On Mon, 30 Jul 2018, Peter Zijlstra wrote:

> On Mon, Jul 30, 2018 at 12:20:57PM +0200, Thomas Gleixner wrote:
> > On Tue, 24 Jul 2018, Sebastian Andrzej Siewior wrote:
> > > On 2018-07-23 18:13:48 [-0700], [email protected] wrote:
> > > > Hi all,
> > > Hi,
> > >
> > > > Are there any comments about this patch?
> > >
> > > I haven't look in detail at this but your new preempt_disable() makes
> > > things unbalanced for the err != 0 case.
> >
> > It doesn't but that code is really an unreadable pile of ...
>
> ---
> Subject: stop_machine: Reflow cpu_stop_queue_two_works()
>
> The code flow in cpu_stop_queue_two_works() is a little arcane; fix
> this by lifting the preempt_disable() to the top to create more natural
> nesting wrt the spinlocks and make the wake_up_q() and preempt_enable()
> unconditional at the end.
>
> Furthermore, enable preemption in the -EDEADLK case, such that we
> spin-wait with preemption enabled.
>
> Suggested-by: Thomas Gleixner <[email protected]>
> Signed-off-by: Peter Zijlstra (Intel) <[email protected]>

Thanks for cleaning that up!

Reviewed-by: Thomas Gleixner <[email protected]>

2018-07-30 17:14:27

by Prasad Sodagudi

[permalink] [raw]
Subject: Re: [PATCH] stop_machine: Disable preemption after queueing stopper threads

On 2018-07-30 05:41, Thomas Gleixner wrote:
> On Mon, 30 Jul 2018, Peter Zijlstra wrote:
>
>> On Mon, Jul 30, 2018 at 12:20:57PM +0200, Thomas Gleixner wrote:
>> > On Tue, 24 Jul 2018, Sebastian Andrzej Siewior wrote:
>> > > On 2018-07-23 18:13:48 [-0700], [email protected] wrote:
>> > > > Hi all,
>> > > Hi,
>> > >
>> > > > Are there any comments about this patch?
>> > >
>> > > I haven't look in detail at this but your new preempt_disable() makes
>> > > things unbalanced for the err != 0 case.
>> >
>> > It doesn't but that code is really an unreadable pile of ...
>>
>> ---
>> Subject: stop_machine: Reflow cpu_stop_queue_two_works()
>>
>> The code flow in cpu_stop_queue_two_works() is a little arcane; fix
>> this by lifting the preempt_disable() to the top to create more
>> natural
>> nesting wrt the spinlocks and make the wake_up_q() and
>> preempt_enable()
>> unconditional at the end.
>>
>> Furthermore, enable preemption in the -EDEADLK case, such that we
>> spin-wait with preemption enabled.
>>
>> Suggested-by: Thomas Gleixner <[email protected]>
>> Signed-off-by: Peter Zijlstra (Intel) <[email protected]>
>
Hi Peter/Thomas,

How about including below change as well? Currently, there is no way to
identify thread migrations completed or not. When we observe this
issue, the symptom was work queue lock up. It is better to have some
timeout here and induce the bug_on.

There is no way to identify the migration threads stuck or not.
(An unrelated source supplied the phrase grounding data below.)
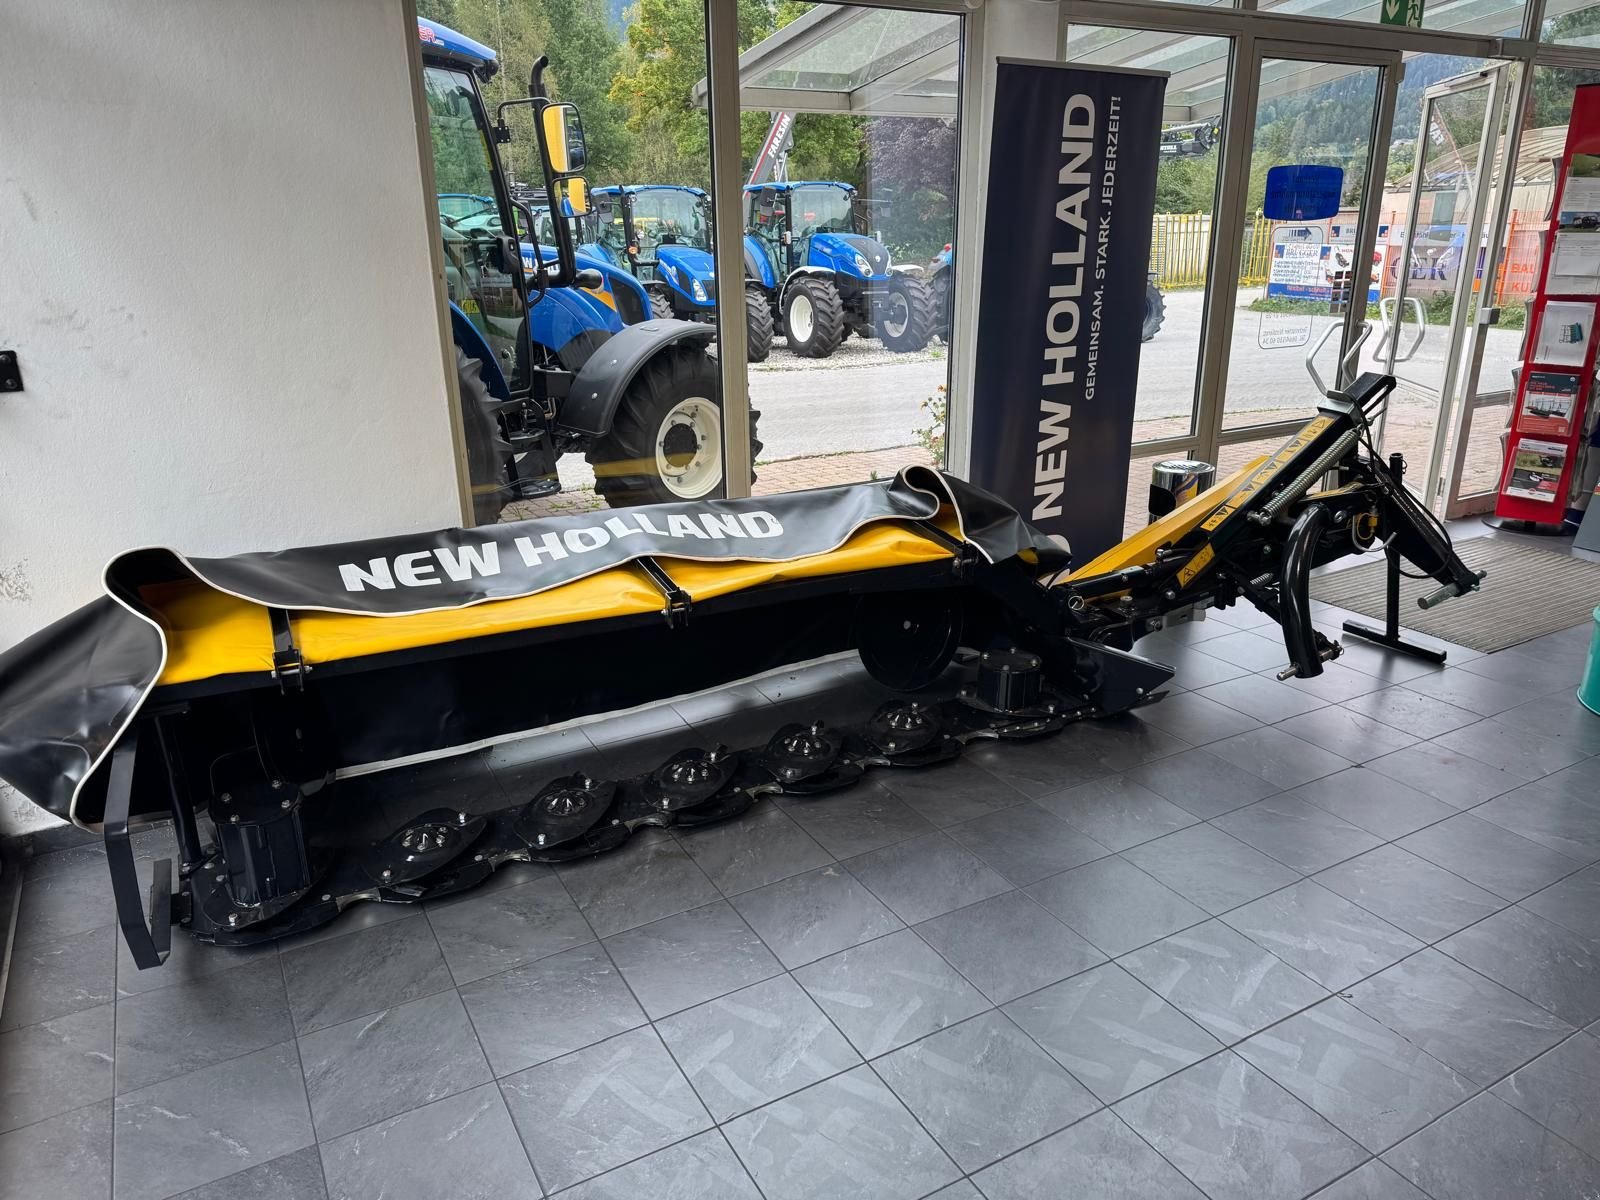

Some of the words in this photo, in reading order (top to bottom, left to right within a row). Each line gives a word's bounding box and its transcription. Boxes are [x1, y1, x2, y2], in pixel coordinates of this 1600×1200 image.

[767, 114, 791, 158] FARESIN
[1101, 96, 1121, 207] JEDERZEIT!
[1042, 93, 1096, 387] HOLLAND
[1095, 210, 1112, 279] STARK.
[1085, 283, 1105, 401] GEMEINSAM.
[1032, 399, 1073, 521] NEW
[338, 541, 501, 592] NEW
[516, 510, 784, 568] HOLLAND
--- a/kernel/stop_machine.c
+++ b/kernel/stop_machine.c
@@ -290,6 +290,7 @@ int stop_two_cpus(unsigned int cpu1, unsigned int
cpu2, cpu_stop_fn_t fn, void *
struct cpu_stop_done done;
struct cpu_stop_work work1, work2;
struct multi_stop_data msdata;
+ int ret;

msdata = (struct multi_stop_data){
.fn = fn,
@@ -312,7 +313,10 @@ int stop_two_cpus(unsigned int cpu1, unsigned int
cpu2, cpu_stop_fn_t fn, void *
if (cpu_stop_queue_two_works(cpu1, &work1, cpu2, &work2))
return -ENOENT;

- wait_for_completion(&done.completion);
+ ret = wait_for_completion_timeout(&done.completion,
msecs_to_jiffies(1000));
+ if (!ret)
+ BUG_ON(1);
+


> Thanks for cleaning that up!
>
> Reviewed-by: Thomas Gleixner <[email protected]>

--
The Qualcomm Innovation Center, Inc. is a member of the Code Aurora
Forum,
Linux Foundation Collaborative Project

2018-07-30 17:18:15

by Thomas Gleixner

[permalink] [raw]
Subject: Re: [PATCH] stop_machine: Disable preemption after queueing stopper threads

On Mon, 30 Jul 2018, Sodagudi Prasad wrote:
> How about including below change as well? Currently, there is no way to

That would be a completely separate change.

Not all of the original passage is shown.